▸ **EXERCISE**
Would you please write out each entry precisely as given?

▸ **PROVIDED MATERIAL**
--- START ---
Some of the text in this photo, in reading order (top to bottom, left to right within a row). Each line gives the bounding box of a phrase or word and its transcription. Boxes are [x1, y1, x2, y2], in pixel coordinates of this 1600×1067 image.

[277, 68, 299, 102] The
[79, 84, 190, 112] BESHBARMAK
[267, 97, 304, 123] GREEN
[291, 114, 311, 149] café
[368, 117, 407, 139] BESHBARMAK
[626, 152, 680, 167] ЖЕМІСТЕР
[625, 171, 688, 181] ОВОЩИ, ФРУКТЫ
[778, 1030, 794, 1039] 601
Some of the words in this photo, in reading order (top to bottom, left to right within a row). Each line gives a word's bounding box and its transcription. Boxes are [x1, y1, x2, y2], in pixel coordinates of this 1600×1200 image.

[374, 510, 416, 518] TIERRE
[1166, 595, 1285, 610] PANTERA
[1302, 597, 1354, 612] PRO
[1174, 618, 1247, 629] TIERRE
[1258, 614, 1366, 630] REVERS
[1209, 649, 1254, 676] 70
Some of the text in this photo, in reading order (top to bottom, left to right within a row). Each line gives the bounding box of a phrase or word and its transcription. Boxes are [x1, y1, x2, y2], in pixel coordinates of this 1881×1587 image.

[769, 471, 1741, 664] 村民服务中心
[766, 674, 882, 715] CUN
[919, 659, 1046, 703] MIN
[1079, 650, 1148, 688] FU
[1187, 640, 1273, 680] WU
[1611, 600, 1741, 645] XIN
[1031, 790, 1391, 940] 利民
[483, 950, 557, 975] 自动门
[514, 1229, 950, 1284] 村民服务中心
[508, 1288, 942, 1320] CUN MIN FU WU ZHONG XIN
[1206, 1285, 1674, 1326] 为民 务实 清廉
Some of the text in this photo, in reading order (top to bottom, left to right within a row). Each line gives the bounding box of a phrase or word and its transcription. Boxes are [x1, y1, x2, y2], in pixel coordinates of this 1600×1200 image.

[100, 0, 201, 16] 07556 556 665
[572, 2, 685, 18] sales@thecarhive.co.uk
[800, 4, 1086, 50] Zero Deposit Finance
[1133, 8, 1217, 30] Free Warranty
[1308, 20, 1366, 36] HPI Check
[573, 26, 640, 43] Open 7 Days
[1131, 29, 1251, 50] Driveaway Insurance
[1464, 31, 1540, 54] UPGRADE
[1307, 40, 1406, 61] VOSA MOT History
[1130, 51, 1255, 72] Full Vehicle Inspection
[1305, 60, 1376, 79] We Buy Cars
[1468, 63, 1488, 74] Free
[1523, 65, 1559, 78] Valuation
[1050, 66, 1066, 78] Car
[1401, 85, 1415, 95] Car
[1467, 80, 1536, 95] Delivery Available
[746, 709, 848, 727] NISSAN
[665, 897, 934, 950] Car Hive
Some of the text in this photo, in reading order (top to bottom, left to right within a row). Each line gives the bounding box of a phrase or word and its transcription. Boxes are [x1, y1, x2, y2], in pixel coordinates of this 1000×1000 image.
--- END ---
▸ **YOUR SOLUTION**
Some of the text in this photo, in reading order (top to bottom, left to right within a row). Each line gives the bounding box of a phrase or word and its transcription. Boxes are [x1, y1, x2, y2], in pixel coordinates of this 1600×1067 image.

[277, 68, 299, 102] The
[79, 84, 190, 112] BESHBARMAK
[267, 97, 304, 123] GREEN
[291, 114, 311, 149] café
[368, 117, 407, 139] BESHBARMAK
[626, 152, 680, 167] ЖЕМІСТЕР
[625, 171, 688, 181] ОВОЩИ, ФРУКТЫ
[778, 1030, 794, 1039] 601
Some of the words in this photo, in reading order (top to bottom, left to right within a row). Each line gives a word's bounding box and its transcription. Boxes are [x1, y1, x2, y2], in pixel coordinates of this 1600×1200 image.

[374, 510, 416, 518] TIERRE
[1166, 595, 1285, 610] PANTERA
[1302, 597, 1354, 612] PRO
[1174, 618, 1247, 629] TIERRE
[1258, 614, 1366, 630] REVERS
[1209, 649, 1254, 676] 70
Some of the text in this photo, in reading order (top to bottom, left to right within a row). Each line gives the bounding box of a phrase or word and its transcription. Boxes are [x1, y1, x2, y2], in pixel coordinates of this 1881×1587 image.

[769, 471, 1741, 664] 村民服务中心
[766, 674, 882, 715] CUN
[919, 659, 1046, 703] MIN
[1079, 650, 1148, 688] FU
[1187, 640, 1273, 680] WU
[1611, 600, 1741, 645] XIN
[1031, 790, 1391, 940] 利民
[483, 950, 557, 975] 自动门
[514, 1229, 950, 1284] 村民服务中心
[508, 1288, 942, 1320] CUN MIN FU WU ZHONG XIN
[1206, 1285, 1674, 1326] 为民 务实 清廉
Some of the text in this photo, in reading order (top to bottom, left to right within a row). Each line gives the bounding box of a phrase or word and its transcription. Boxes are [x1, y1, x2, y2], in pixel coordinates of this 1600×1200 image.

[100, 0, 201, 16] 07556 556 665
[572, 2, 685, 18] sales@thecarhive.co.uk
[800, 4, 1086, 50] Zero Deposit Finance
[1133, 8, 1217, 30] Free Warranty
[1308, 20, 1366, 36] HPI Check
[573, 26, 640, 43] Open 7 Days
[1131, 29, 1251, 50] Driveaway Insurance
[1464, 31, 1540, 54] UPGRADE
[1307, 40, 1406, 61] VOSA MOT History
[1130, 51, 1255, 72] Full Vehicle Inspection
[1305, 60, 1376, 79] We Buy Cars
[1468, 63, 1488, 74] Free
[1523, 65, 1559, 78] Valuation
[1050, 66, 1066, 78] Car
[1401, 85, 1415, 95] Car
[1467, 80, 1536, 95] Delivery Available
[746, 709, 848, 727] NISSAN
[665, 897, 934, 950] Car Hive
Some of the text in this photo, in reading order (top to bottom, left to right within a row). Each line gives the bounding box of a phrase or word and its transcription. Boxes are [x1, y1, x2, y2], in pixel coordinates of this 1000×1000 image.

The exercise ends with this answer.